→ **GIVEN RECORDS**:
------------------------------------------------------------
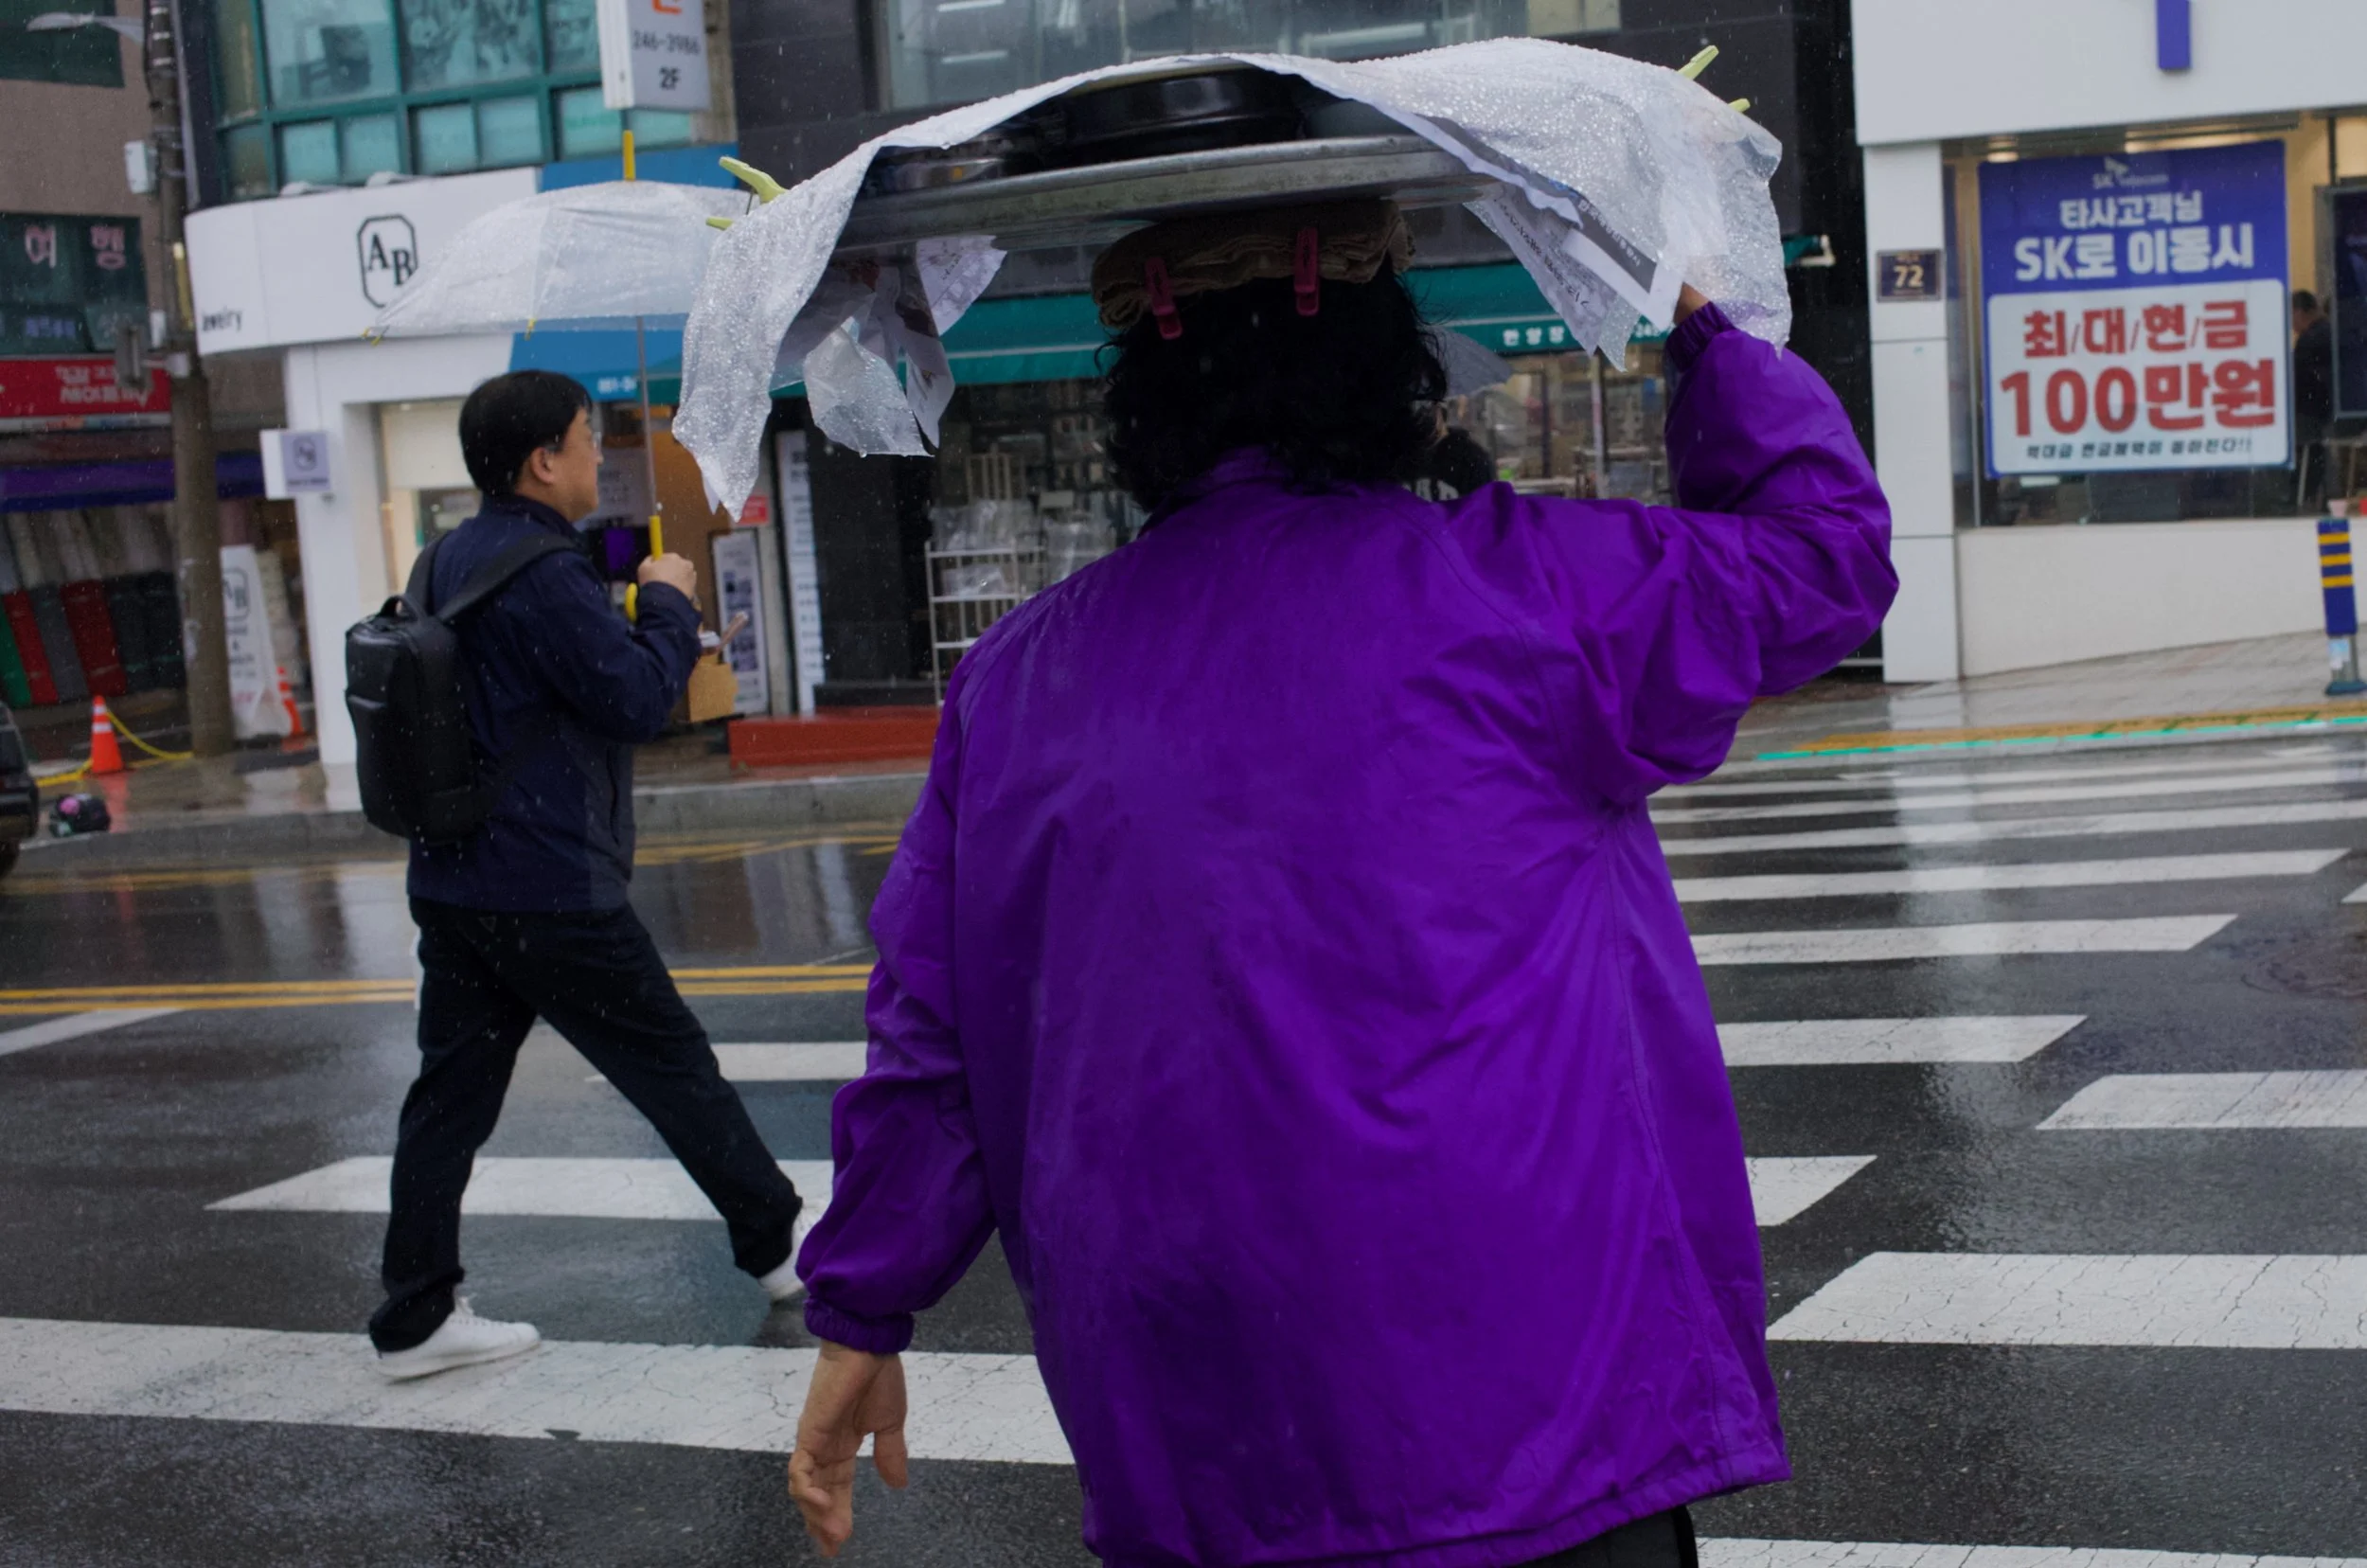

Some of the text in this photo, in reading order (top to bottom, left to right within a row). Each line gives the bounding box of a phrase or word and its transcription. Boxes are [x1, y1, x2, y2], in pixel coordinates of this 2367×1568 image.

[659, 66, 680, 91] 2F
[2059, 190, 2203, 229] 타사고객님
[2014, 223, 2254, 281] SK로 이동시
[1894, 265, 1924, 288] 72
[2024, 300, 2248, 359] 최/대/현/금
[2000, 358, 2276, 437] 100만원
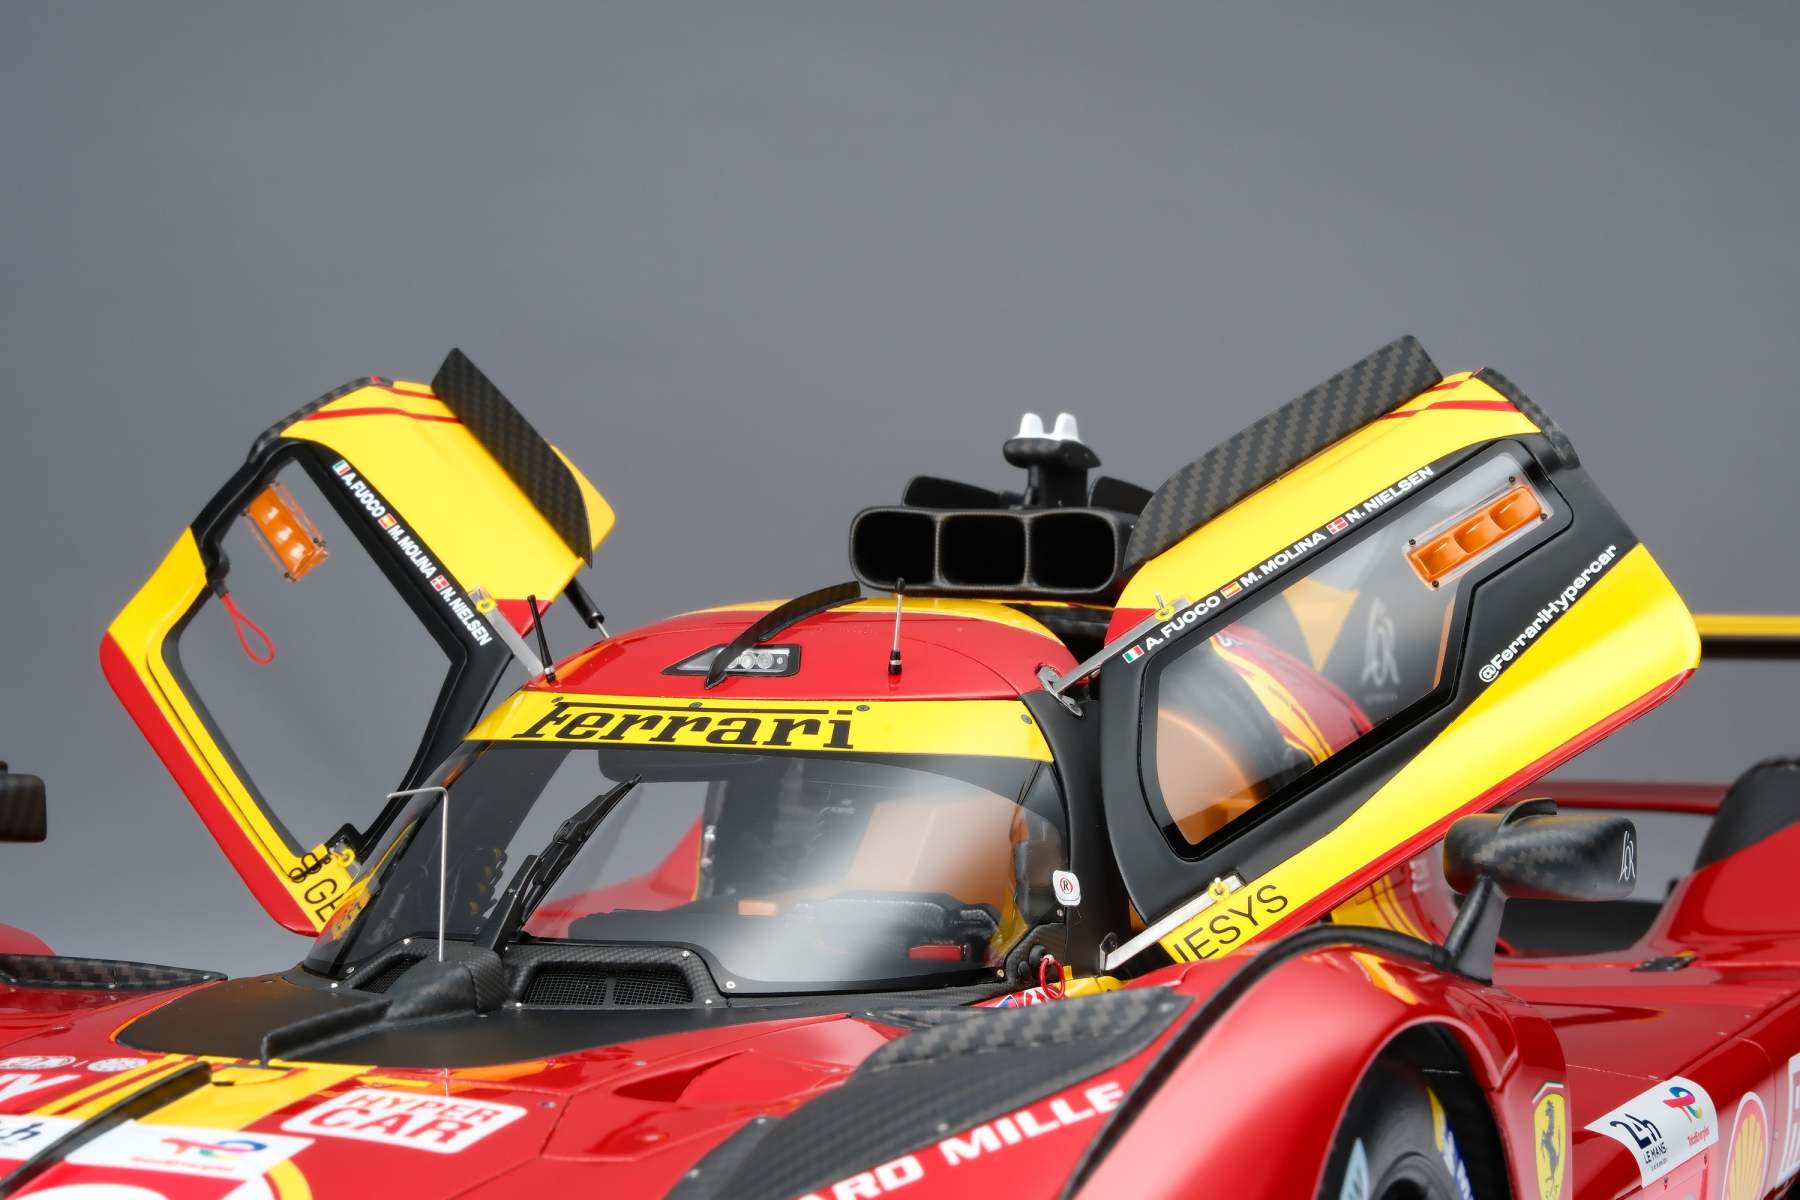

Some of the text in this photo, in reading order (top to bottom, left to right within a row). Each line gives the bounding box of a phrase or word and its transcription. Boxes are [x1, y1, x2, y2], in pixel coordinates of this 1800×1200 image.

[1160, 595, 1221, 638] FUOCO
[1260, 533, 1327, 575] MOLINA
[1364, 466, 1434, 513] NIELSEN
[448, 597, 492, 646] NIELSEN
[1478, 544, 1617, 683] @FerrariHypercar
[511, 700, 854, 749] Ferrari
[309, 1107, 475, 1144] CAR
[345, 1094, 503, 1123] HYPER
[798, 1081, 1125, 1200] RD MILLE
[1650, 1142, 1668, 1158] MANS
------------------------------------------------------------
→ **DESCRIPTION OF THE TASK**: Set the listing down exactly, without its pictures.

→ **COMPLETED TASK**:
Some of the text in this photo, in reading order (top to bottom, left to right within a row). Each line gives the bounding box of a phrase or word and its transcription. Boxes are [x1, y1, x2, y2], in pixel coordinates of this 2367×1568 image.

[659, 66, 680, 91] 2F
[2059, 190, 2203, 229] 타사고객님
[2014, 223, 2254, 281] SK로 이동시
[1894, 265, 1924, 288] 72
[2024, 300, 2248, 359] 최/대/현/금
[2000, 358, 2276, 437] 100만원

Some of the text in this photo, in reading order (top to bottom, left to right within a row). Each line gives the bounding box of a phrase or word and its transcription. Boxes are [x1, y1, x2, y2], in pixel coordinates of this 1800×1200 image.

[1160, 595, 1221, 638] FUOCO
[1260, 533, 1327, 575] MOLINA
[1364, 466, 1434, 513] NIELSEN
[448, 597, 492, 646] NIELSEN
[1478, 544, 1617, 683] @FerrariHypercar
[511, 700, 854, 749] Ferrari
[309, 1107, 475, 1144] CAR
[345, 1094, 503, 1123] HYPER
[798, 1081, 1125, 1200] RD MILLE
[1650, 1142, 1668, 1158] MANS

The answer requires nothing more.